De Michel-Ange, l’histoire conserve la mémoire d’un homme aussi rugueux que le “non finito” de ses sculptures. Au-delà, c’était un homme banal. Pire même : coléreux, jaloux, cupide, menteur, avare, méprisant, fourbe, vaniteux… Les qualificatifs manquent pour décrire cet être maniaque et solitaire, qui n’a vécu que pour son art.

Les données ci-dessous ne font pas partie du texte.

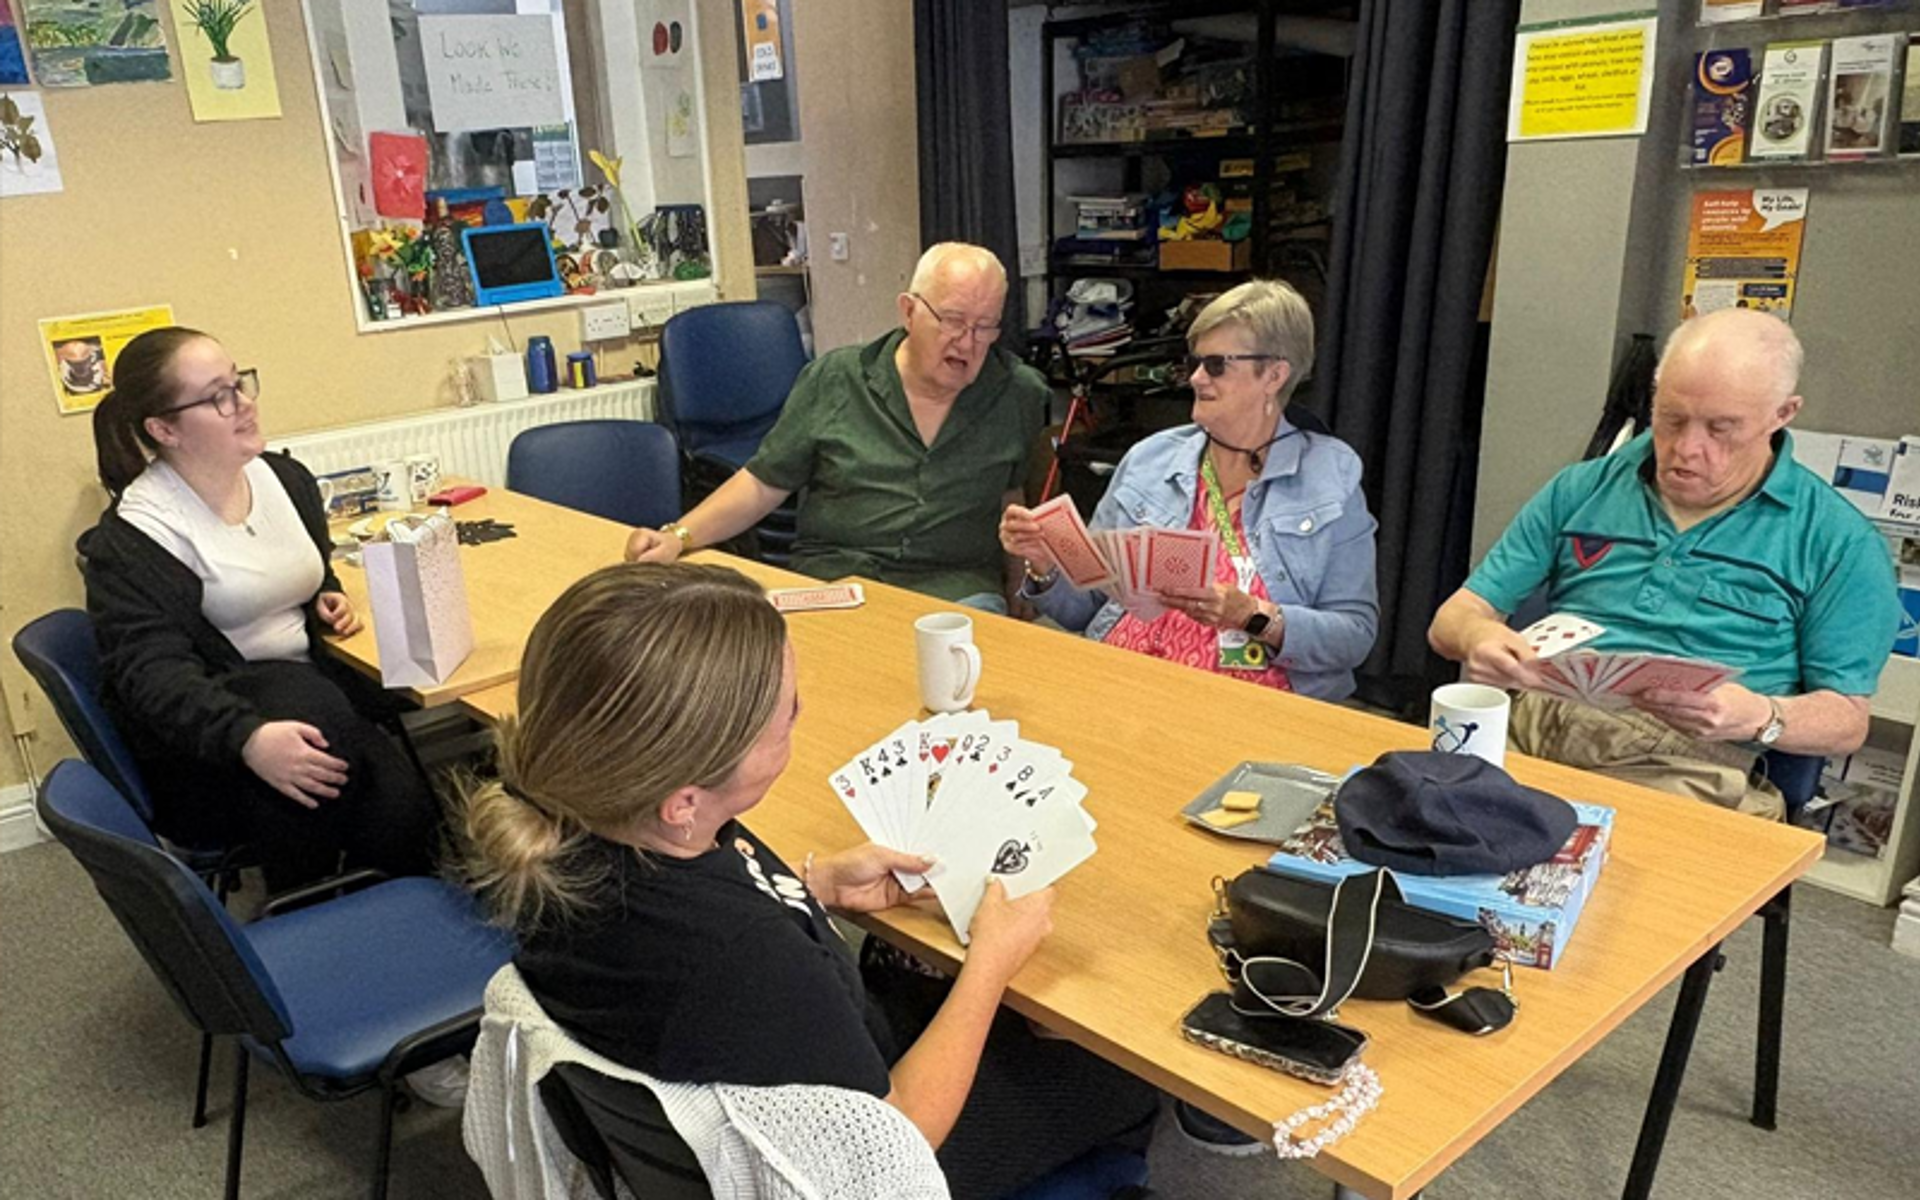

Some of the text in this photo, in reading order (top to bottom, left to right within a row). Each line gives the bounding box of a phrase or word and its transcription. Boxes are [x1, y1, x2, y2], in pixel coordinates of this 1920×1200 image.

[1892, 494, 1920, 508] Ris
[974, 734, 990, 751] 2
[996, 746, 1012, 761] 3
[859, 757, 875, 776] K
[1017, 765, 1034, 781] 8
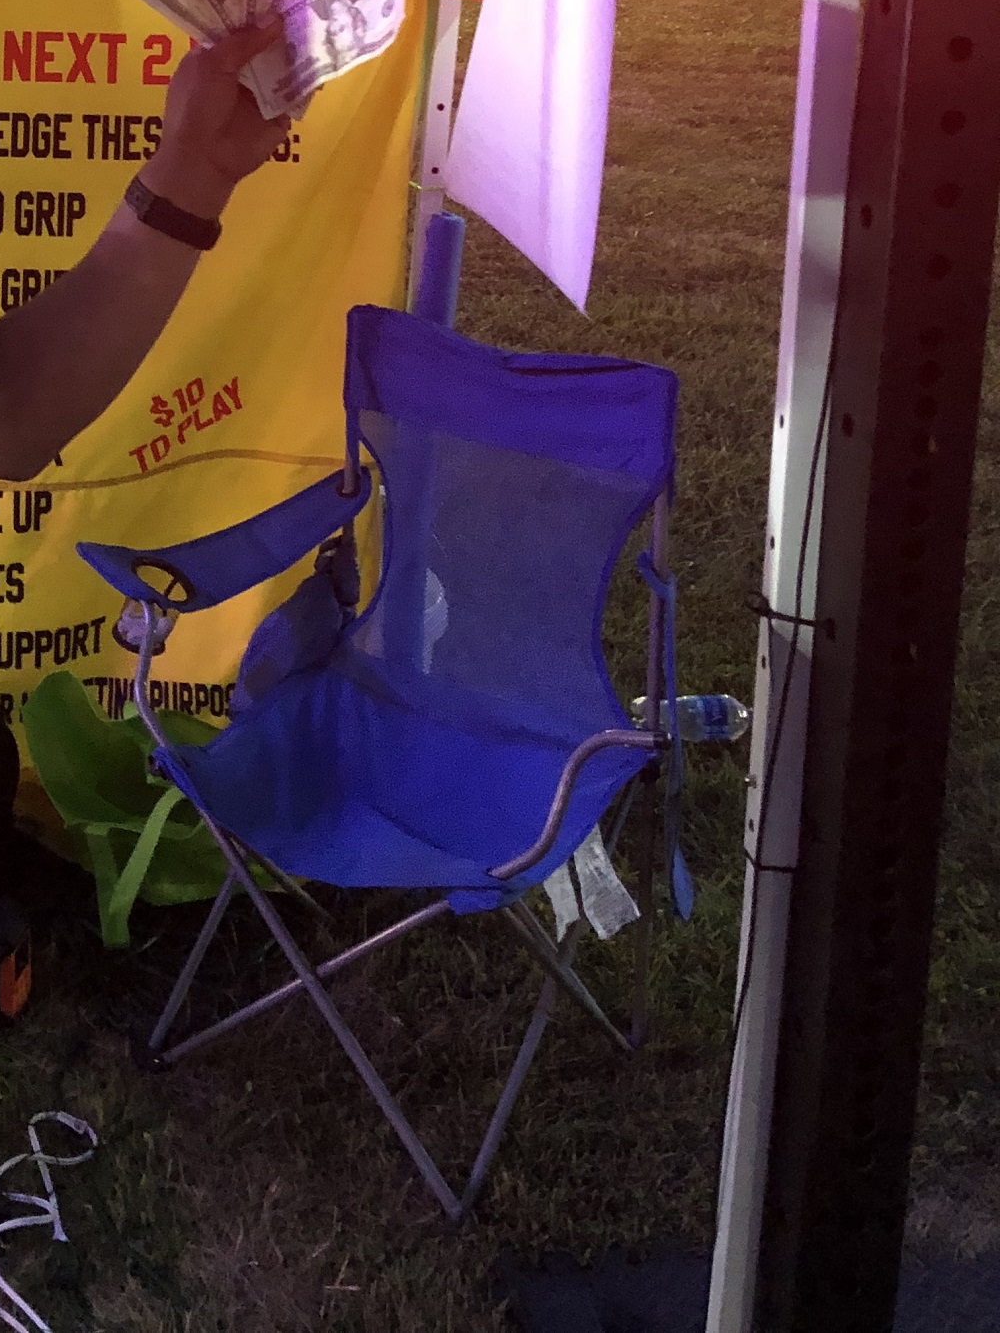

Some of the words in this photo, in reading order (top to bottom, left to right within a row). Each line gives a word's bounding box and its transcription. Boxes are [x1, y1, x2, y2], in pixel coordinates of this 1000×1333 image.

Si les amateurs connaissaient déjà Michel-Ange sous cet aspect peu flatteur, c’est tout l’art de ce petit essai que de rendre l’artiste vivant jusque dans ses vanités les plus sombres. Armand Farrachi en brosse ici un portrait précieux dans un tête-à-tête magnifique entre l’homme et son œuvre. Il en fait un gnome tordu, godillant sur les échafauds de la chapelle Sixtine, durant six longues années pour parachever son œuvre maîtresse. Un être disgracieux, obsédé cependant de beauté, qui courait Florence, sa ville natale, capé d’un luxueux manteau violet, seyant, dit l’auteur, à la lumière toscane.
En quelques dizaines de pages inspirées, l’auteur raconte comment l’artiste sut résister à l’impérieux Jules II, le “pape guerrier”. Comment également il s’ingénia à faire pleuvoir de la poussière et des gravats sur les cardinaux rassemblés à l’intérieur de la Sixtine. « Il n’habitait plus ni Rome, ni l’Italie, ni le monde, mais le corps, sa vraie patrie, et son exil, n’affichant que mépris pour les incapables qui confient l’expression aux traits du visage, comme si la tête n’était pas la torsion du corps, et qu’un véritable artiste ne savait plus finement exprimer d’émotion par la torsion d’un bras ou la flexion d’un tronc. » À lire vite pour redécouvrir Michel-Ange.
Armand Farrachi, “Michel-Ange face aux murs, l’un & l’autre”, Gallimard 118 pages, 17 dollars.